(EXTRACTED ENTRIES begins)
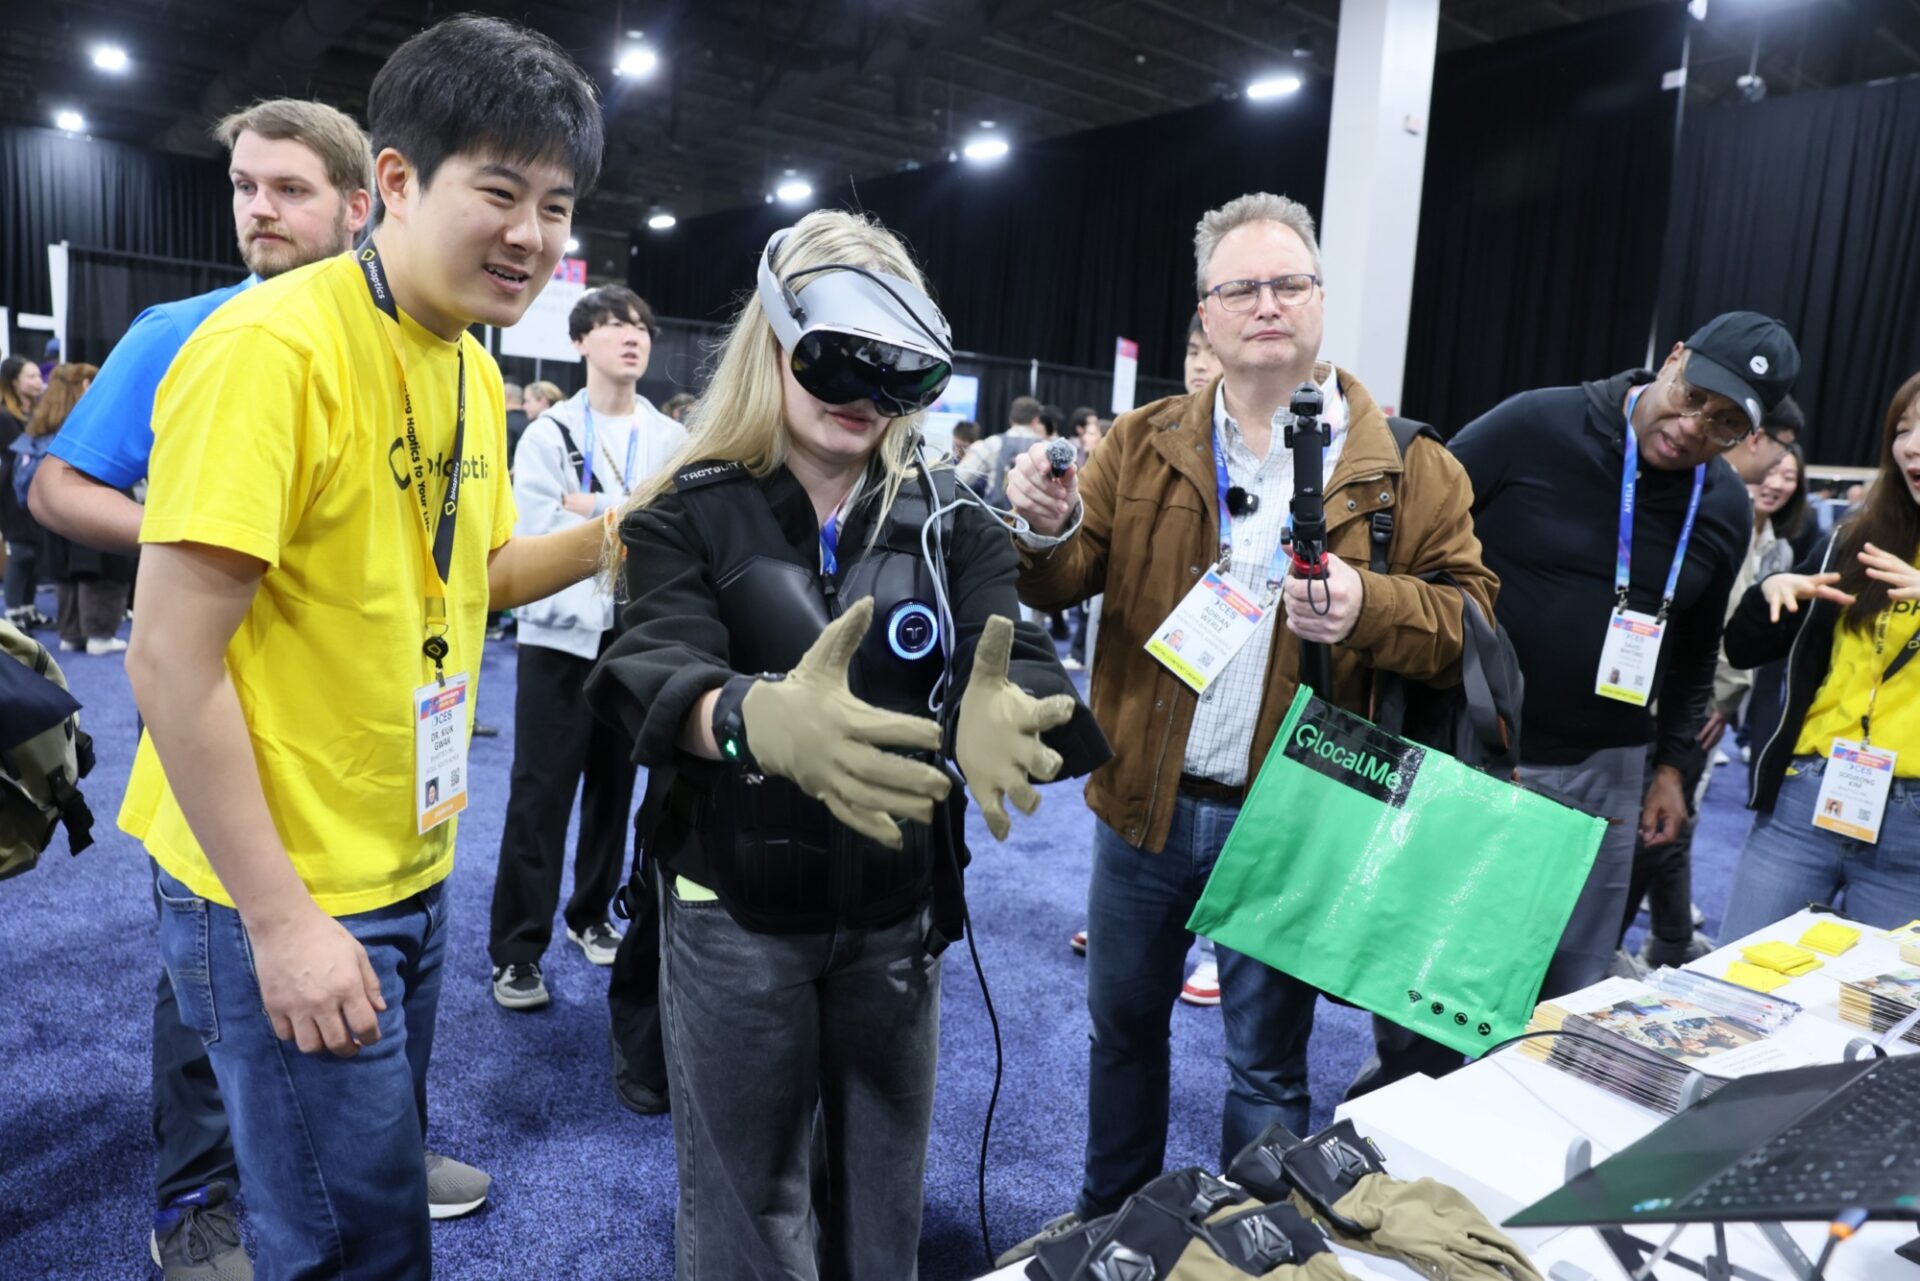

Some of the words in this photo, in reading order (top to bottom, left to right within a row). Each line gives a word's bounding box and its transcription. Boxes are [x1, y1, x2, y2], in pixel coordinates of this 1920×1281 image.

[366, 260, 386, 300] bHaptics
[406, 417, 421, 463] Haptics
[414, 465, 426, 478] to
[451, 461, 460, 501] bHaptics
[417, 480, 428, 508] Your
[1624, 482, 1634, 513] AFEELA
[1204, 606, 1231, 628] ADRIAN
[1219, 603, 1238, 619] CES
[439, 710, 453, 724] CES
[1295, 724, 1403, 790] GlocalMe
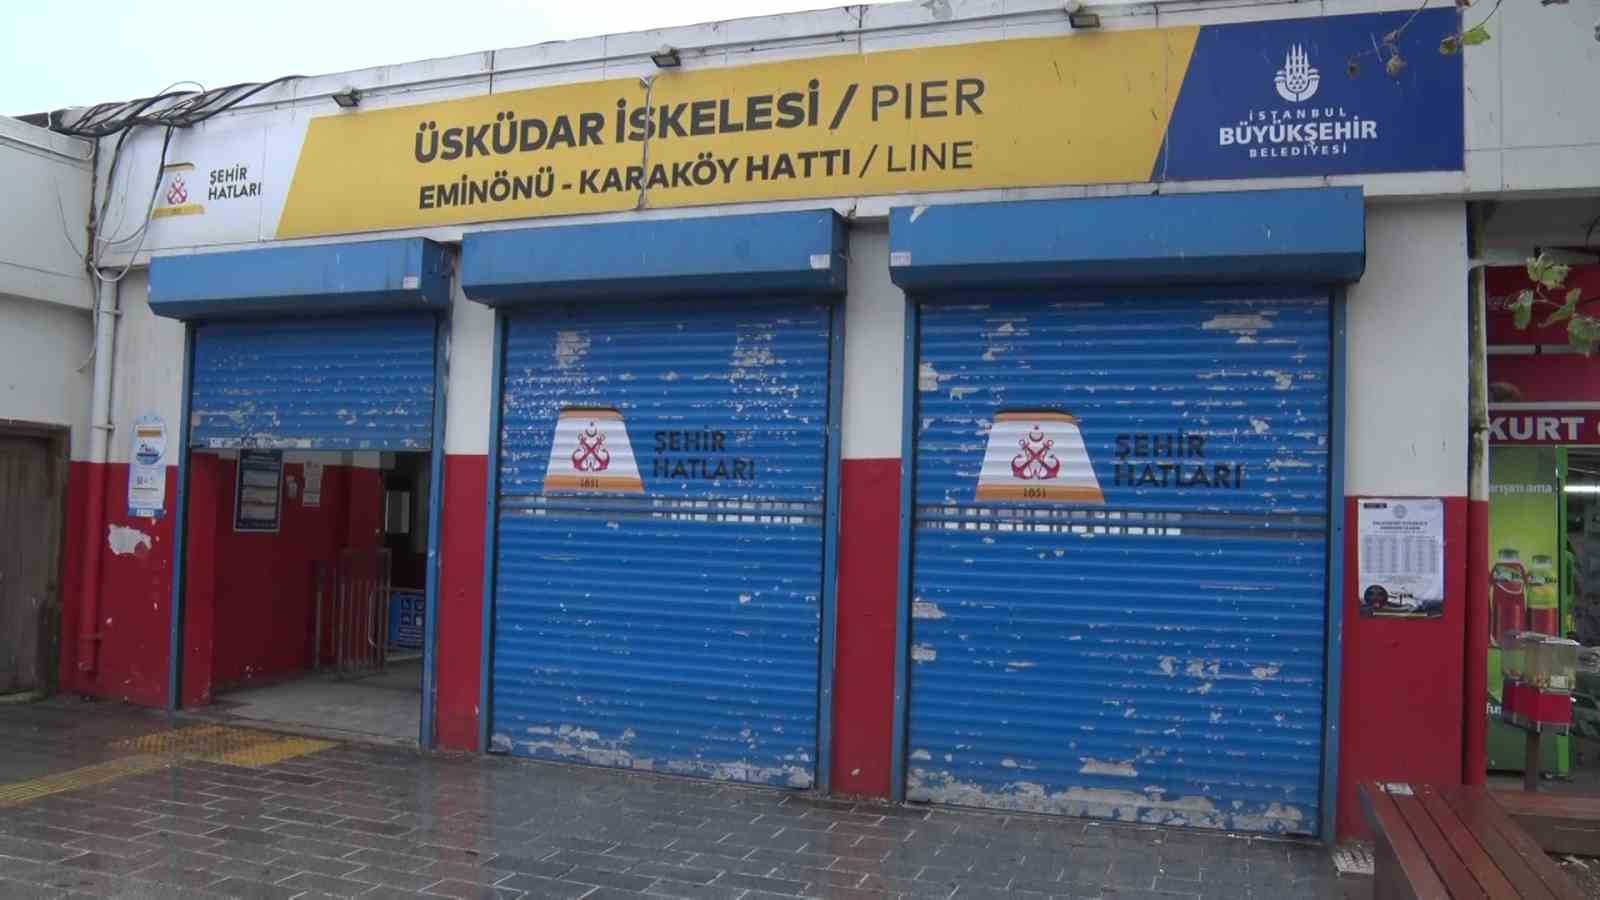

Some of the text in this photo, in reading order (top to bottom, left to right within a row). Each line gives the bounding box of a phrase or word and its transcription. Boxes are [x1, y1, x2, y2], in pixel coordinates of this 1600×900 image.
(EXTRACTED ENTRIES ends)
**TASK DETAILS**
Please output the data above exactly as given, omitting every picture.

**REPLY**
Some of the words in this photo, in reading order (top to bottom, left to right within a row). Each line gives a word's bounding box and its transcription. Boxes are [x1, y1, x2, y2], in pixel coordinates of this 1920×1281 image.

[366, 260, 386, 300] bHaptics
[406, 417, 421, 463] Haptics
[414, 465, 426, 478] to
[451, 461, 460, 501] bHaptics
[417, 480, 428, 508] Your
[1624, 482, 1634, 513] AFEELA
[1204, 606, 1231, 628] ADRIAN
[1219, 603, 1238, 619] CES
[439, 710, 453, 724] CES
[1295, 724, 1403, 790] GlocalMe

Some of the text in this photo, in reading order (top to bottom, left to right within a row). Each line gives the bounding box of a phrase or word and its transcription. Boxes are [x1, y1, x2, y2], in pixel coordinates of this 1600×900 image.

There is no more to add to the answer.